Constructs a random classification forest (R.W. Payne).


PRINT = string tokens Controls printed output (outofbagerror, confusion, importance, orderedimportance, monitoring); default outo, conf, impo
NTREES = scalar Number of trees in the forest; no default – must be specified
NXTRY = scalar Number of X variables to select at random at each node from which to choose the X variable to use there; default is the square root of number of X variables
NUNITSTRY = scalar Number of units of the X variables to select at random to use in the construction of each tree; default is two thirds of the number of units
METHOD = string token Selection criterion to use when constructing the trees (Gini, MPI); default Gini
GROUPS = factor Groupings of the individuals to identify in the trees
NSTOP = scalar Number of individuals in a group at which to stop selecting tests; default 5
ANTIENDCUTFACTOR = string token Adaptive anti-end-cut factor to use (classnumber, reciprocalentropy); default * i.e. none
SEED = scalar Seed for random numbers to select the NXTRY X-variables and NUMITSTRY units; default 0
OWNBSELECT = string token Indicates whether or not your own version of the BSELECT procedure is to be used, as explained in the Method section (yes, no); default no
OUTOFBAGERROR = scalar Saves the “out-of-bag” error rate
CONFUSION = matrix Saves the confusion matrix
SAVE = pointer Saves details of the forest that has been constructed


X = factors or variates X-variables available for constructing the tree
ORDERED = string tokens Whether factor levels are ordered (yes, no); default no
IMPORTANCE = scalars Saves the importance of each x-variable


The data to construct a random classification forest is a sample of individuals from several groups. The characteristics of the individuals are described in Genstat by a set of factors or variates which are specified by the X parameter of BCFOREST. The GROUPS option of BCFOREST defines the group to which each individual in the sample belongs, and the aim is to be able to identify the groups to which new individuals belong.

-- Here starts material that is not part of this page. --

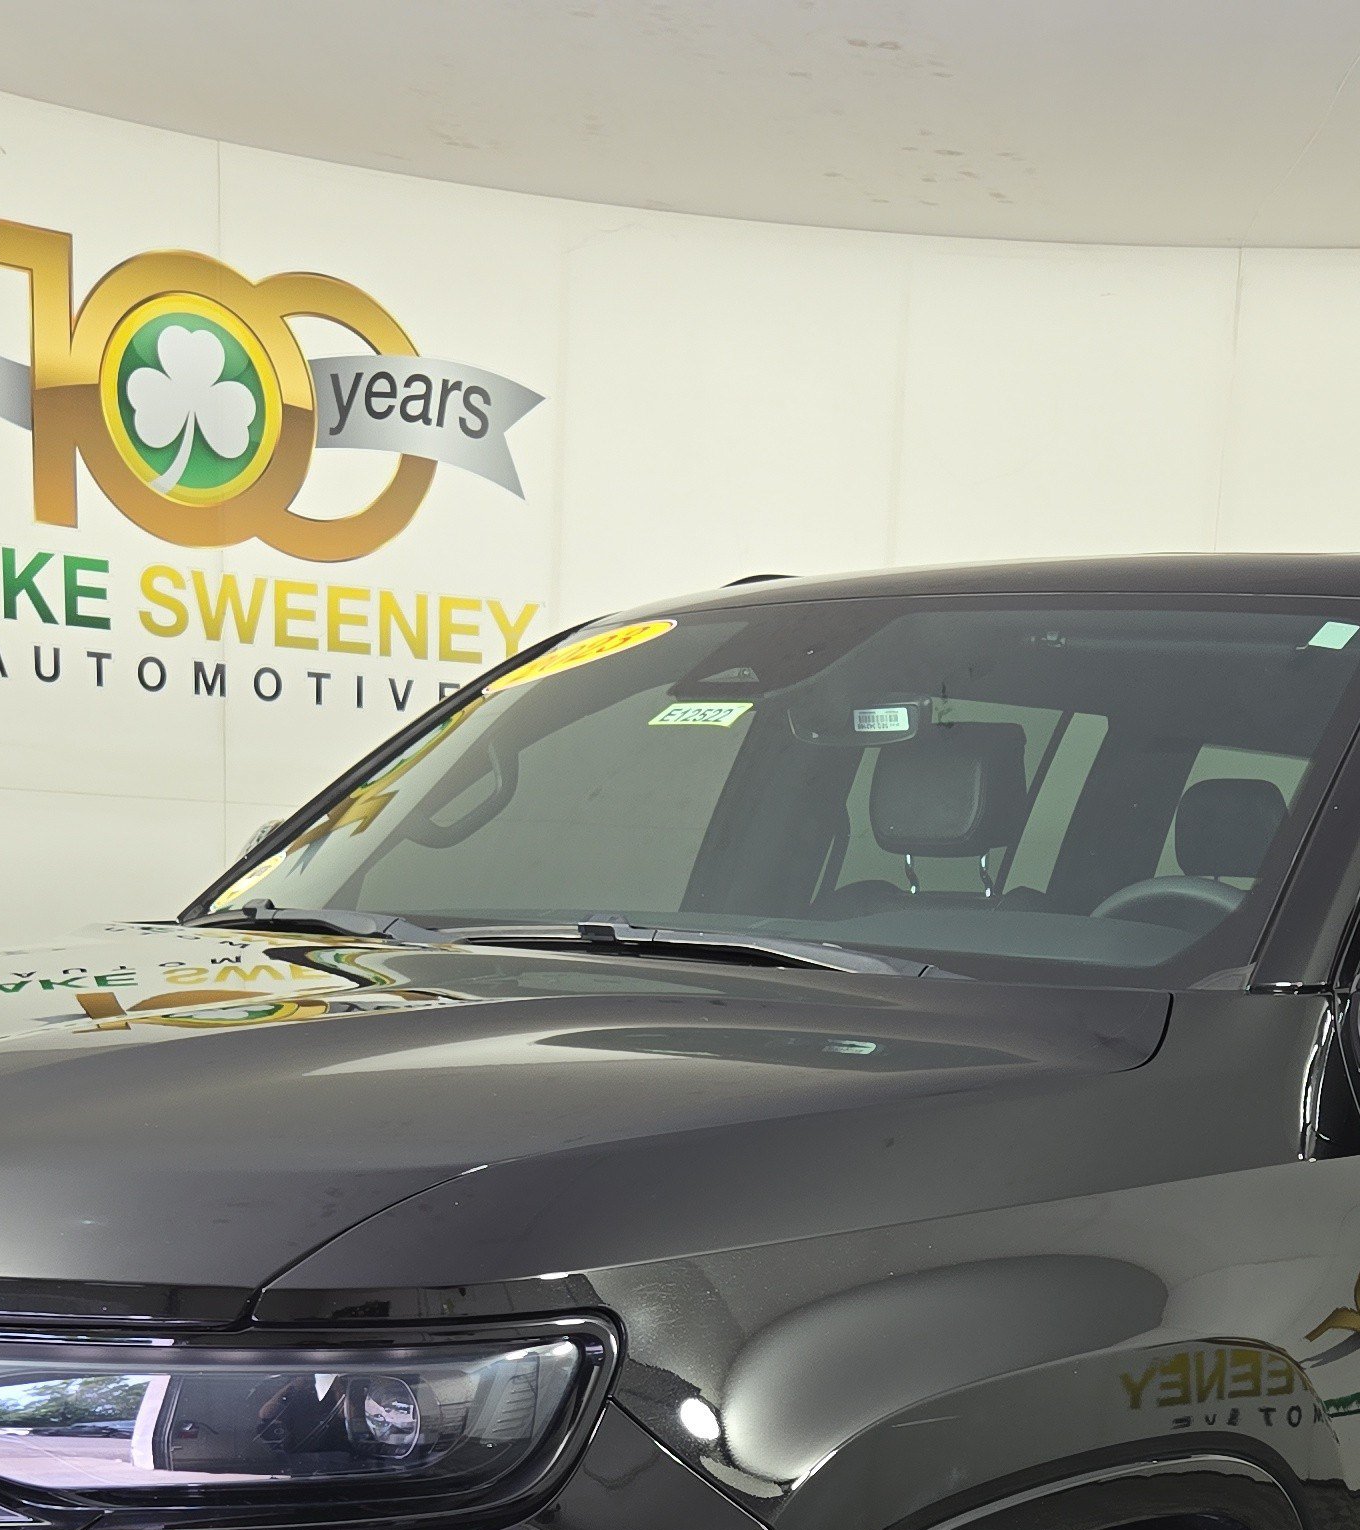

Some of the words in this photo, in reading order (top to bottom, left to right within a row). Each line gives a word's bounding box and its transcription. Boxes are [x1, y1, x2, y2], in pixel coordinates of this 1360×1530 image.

[329, 369, 492, 440] years
[138, 565, 540, 666] SWEENEY
[658, 708, 734, 723] E12522

A random classification forest is a set of classification trees that are used collectively to identify the group to which an individual specimen belongs (see e.g. Breiman 2001). The identification is obtained by running a new individual through each tree to obtain that tree’s “vote” for the group of the individual. The identification is then taken as the group with most votes.

Each classification tree is formed using a random sample of the X variables in the data set, and a bootstrap random sample of their units (i.e. sampled with replacement). The NXTRY option defines how many X variables to select, and the NUNITSTRY option defines how many units to take. The default for NXTRY is the square root of the number of variables, and the default for NUNITSTRY is two thirds of the number of units. The SEED option specifies a seed for the random numbers that are used to select the variables and to select the units. The default of zero continues an existing sequence of random numbers, if any of the random functions (GRSELECT etc) has already been used in the current Genstat run. Otherwise a seed is chosen at random.

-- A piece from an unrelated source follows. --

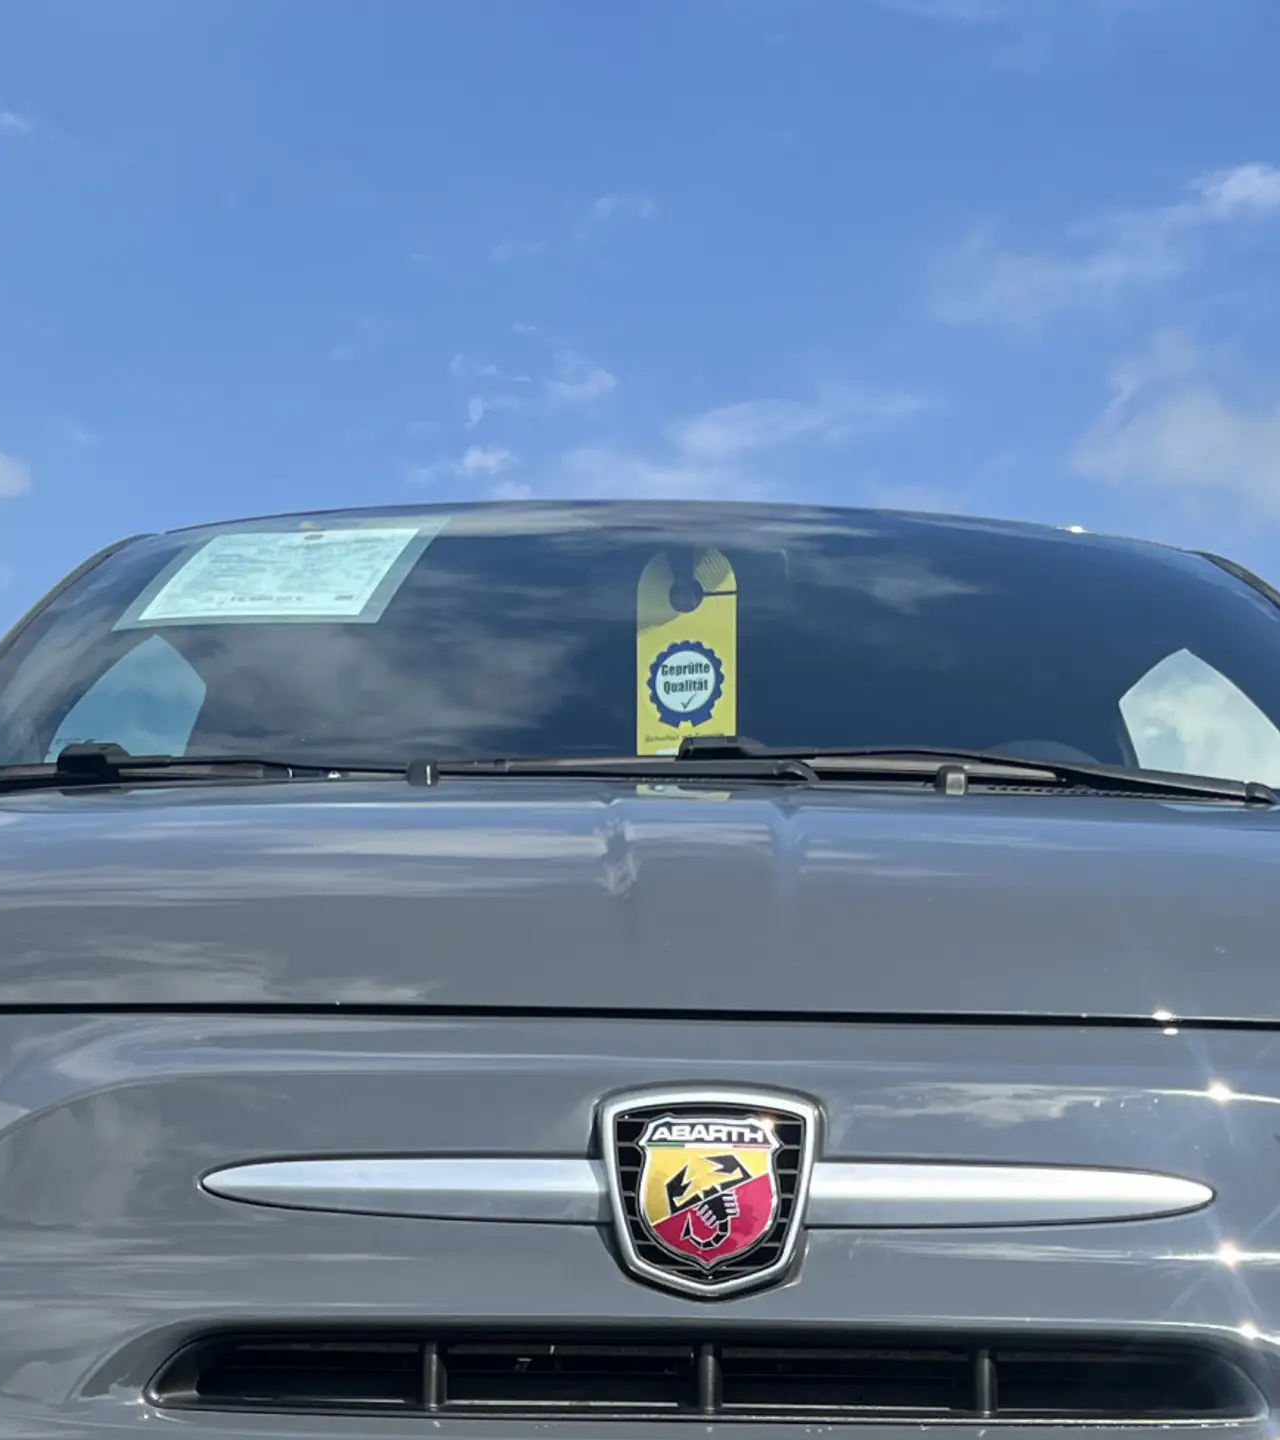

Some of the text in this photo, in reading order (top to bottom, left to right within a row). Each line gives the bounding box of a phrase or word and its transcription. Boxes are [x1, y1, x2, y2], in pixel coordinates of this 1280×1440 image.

[661, 662, 710, 676] Geprüfte
[663, 678, 708, 694] Qualität
[652, 1124, 764, 1143] ABARTH

A classification tree progressively splits the individuals into subsets based on their values for the factors or variates. Construction starts at a node known as the root, which contains all of the individuals. A factor or variate is chosen to use there that “best” divides the individuals into two subsets. Suppose the available X vectors are all factors with two levels: the first subset will then contain the individuals with level 1 of the factor, and the second will contain those with level 2. Also any individual with a missing value for the factor is put into both groups; so you can use a missing value to denote either variable or unknown observations. Factors may have either ordered or unordered levels, according to whether the corresponding value ORDERED parameter is set to yes or no. For example, a factor called Dose with levels 1, 1.5, 2 and 2.5 would usually be treated as having ordered levels, whereas levels labelled 'Morphine', 'Amidone', 'Phenadoxone' and 'Pethidine' of a factor called Drug would be regarded as unordered. For unordered factors, all possible ways of dividing the levels into two sets are tried. With variates or ordered factors with more than 2 levels, a suitable value p is found to partition the individuals into those with values less than or greater than p. The tree is then extended to contain two new nodes, one for each of the subsets, and factors or variates are selected for use at each of these nodes to subdivide the subsets further.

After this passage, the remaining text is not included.